2005年の郵政解散のとき、小泉首相は郵政民営化法案が参議院で否決されたために衆議院を解散するという筋違いなことをして、こんなことで国民の支持が得られるのかと、私を含めて多くの人が半信半疑でいたときに、小池氏はみずから刺客候補として名乗り出て、そこから一気に流れが決まりました。小池氏が流れをつくったとまではいわなくても、小池氏が流れを正しく読んでいたことは間違いありません。
 
小池氏は、私に見えないものが見えている人です。どうしてそうなのかということが気になります。
 
ウィキペディアの「小池百合子」の項目にこう書いてあります。
 
 
高校卒業後、関西学院大学社会学部に入学するも、「国際連合の公用語にアラビア語が加わる」旨を伝える新聞記事をきっかけに、アラビア語通訳を目指すことにし、19719月に大学を中退してエジプトへ留学。カイロ市のカイロ・アメリカン大学(英語: American University in Cairo)でアラビア語を修めた後、カイロ大学に進学した。
 
このときから小池氏は時代の先を読んで行動するということをしていたわけです。
 
ただ、今のところ中東の国で経済的離陸を成し遂げたのはトルコぐらいで、テロリストの輸出国みたいになっている国もあります。小池氏の見通しとは違ったかもしれません。

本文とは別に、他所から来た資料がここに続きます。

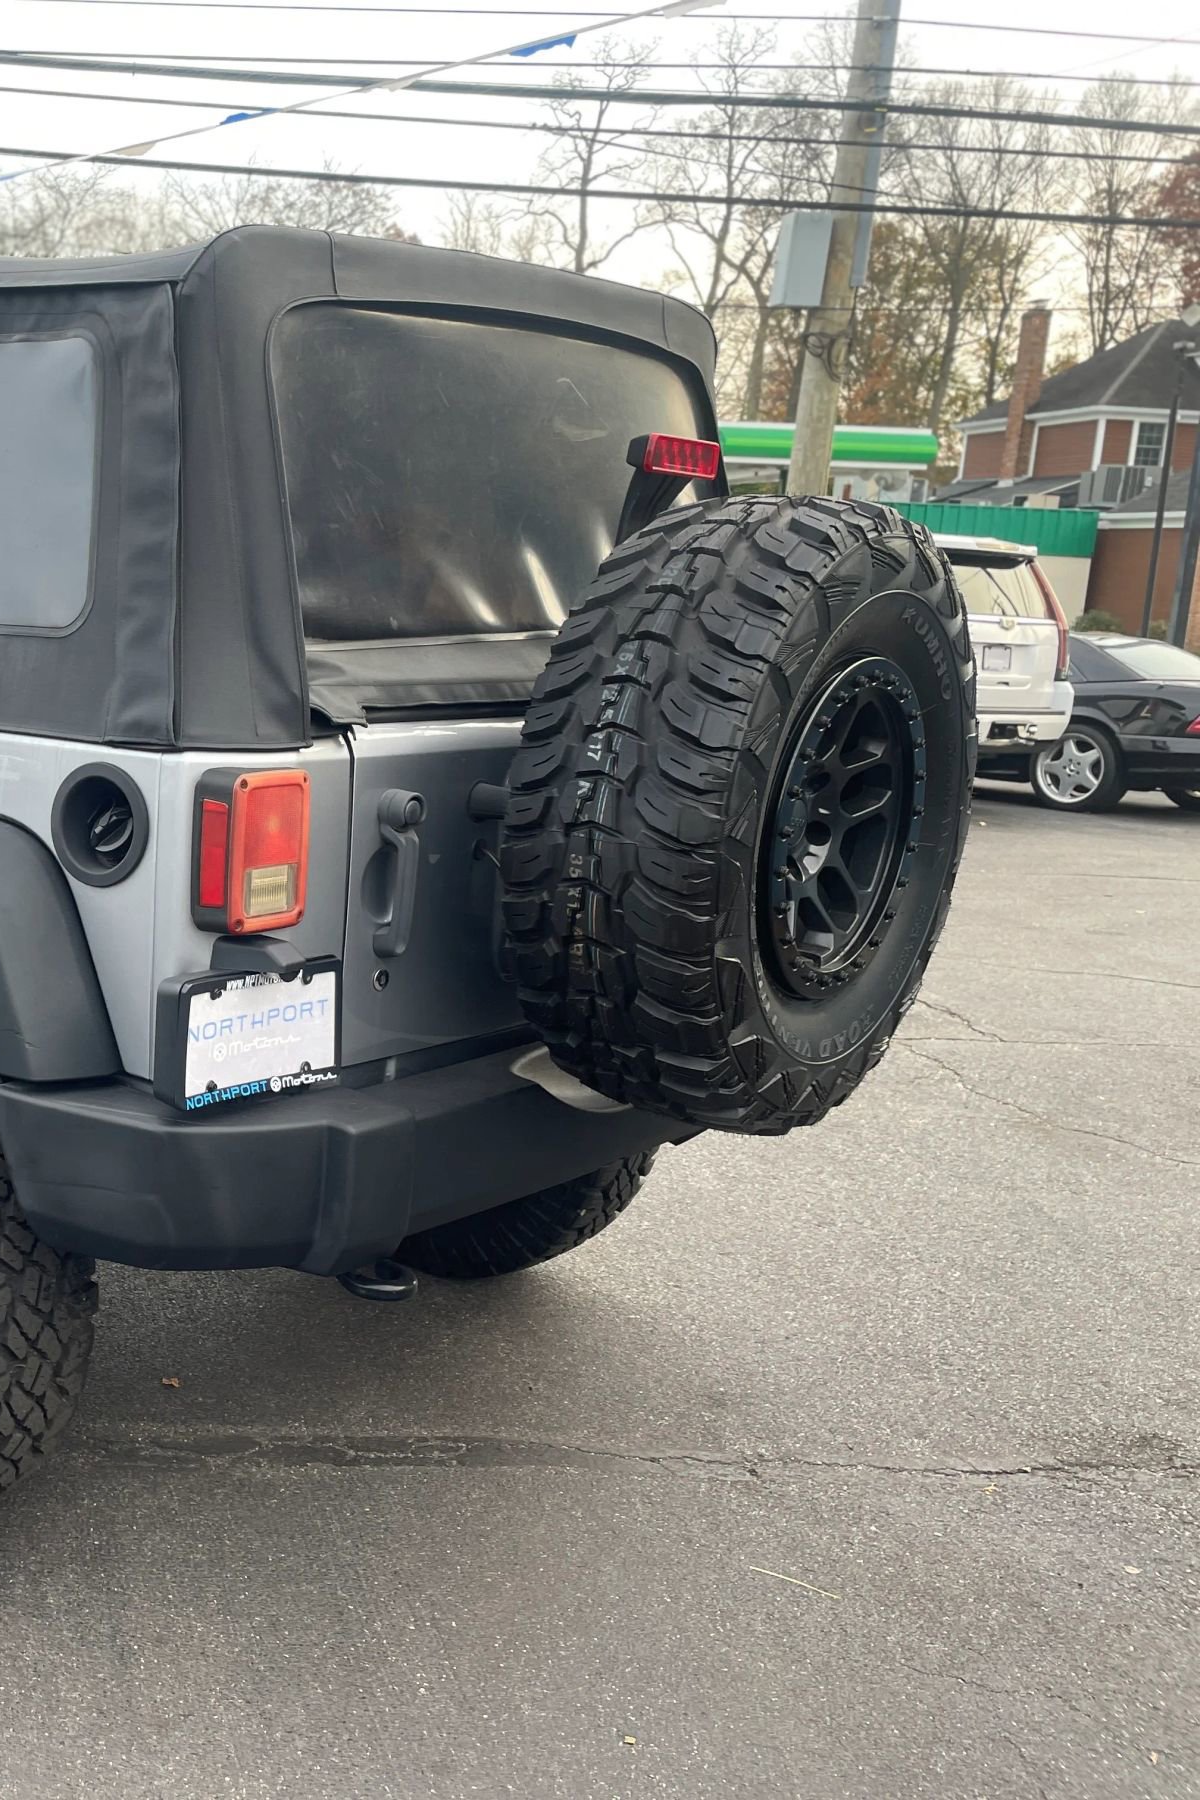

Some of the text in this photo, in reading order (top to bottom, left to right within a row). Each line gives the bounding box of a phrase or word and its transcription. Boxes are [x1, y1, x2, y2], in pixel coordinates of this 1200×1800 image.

[902, 607, 952, 700] KUMHO
[188, 999, 329, 1043] NORTHPORT
[186, 1080, 268, 1111] NORTHPORT

小池氏はエジプトに留学したということをあまり言いません。アメリカに従属する日本ではあまりうれしくない経歴かもしれません。
 
小池氏は日本新党→新進党→自由党→保守党→自民党と所属を変えてきて、今回は無所属での出馬です。
 
小池氏の思想とか政治的立場とか、政治家としてやりたいこととかについて、私はなにも知りません。「小池ゆりこオフィシャルサイト」を見ると、「基本理念」がいろいろ書かれていますが、きれいごとばかりで、なにも響いてきません。
 
もともと思想とか政治的立場のない人なのでしょう。ですから、なにかに執着するということがなく、時代の風を読んで、それに合わせていけるわけです。
 
思想とかやりたいことがあると、逆風でも向かっていこうということになりますから、小池氏のようにはできません。
 
思想があればよいというものではありません。たとえば憲法学者の小林節氏は今回の参院選に「国民怒りの声」を組織して全国比例代表と東京選挙区に候補を擁立しましたが、惨敗しました。時代の風も国民感情も読めていなかったわけで、野党票を分散させただけです。
 
冷戦が終わってイデオロギーが終焉した時代には、小池氏のような政治家が活躍するのかもしれません。橋下徹氏やトランプ氏も同じタイプだと思います。

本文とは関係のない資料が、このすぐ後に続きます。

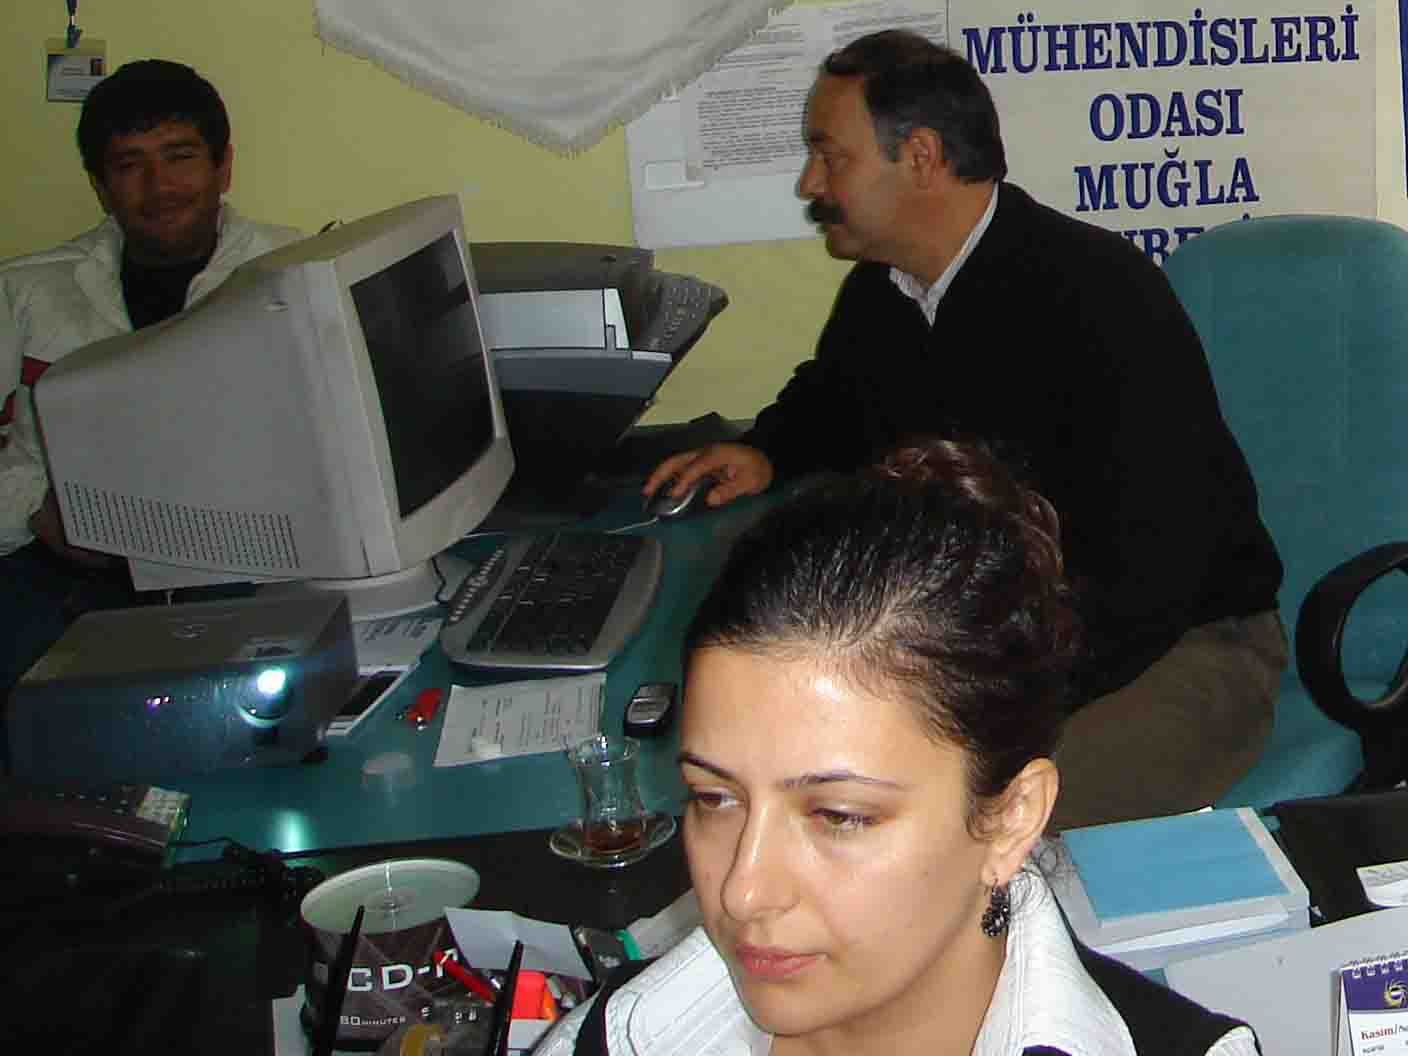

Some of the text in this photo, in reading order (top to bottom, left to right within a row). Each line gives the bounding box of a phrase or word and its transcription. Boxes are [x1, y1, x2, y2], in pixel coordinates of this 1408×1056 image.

[962, 4, 1360, 75] MÜHENDİSLERİ
[1089, 88, 1245, 141] ODASI
[1074, 146, 1260, 212] MUĞLA

政治家の役割が国民の思いを政治に反映させることだとすれば、小池氏タイプがいちばんいいことになります。
 
いや、小池氏タイプの最終的な目的は「自分活躍」ですから、結局国民は裏切られることになるはずです。
 
ただ、私も思想が過剰なタイプなので、正反対の小池氏の時代の風を読む能力などは学ばなければと思います。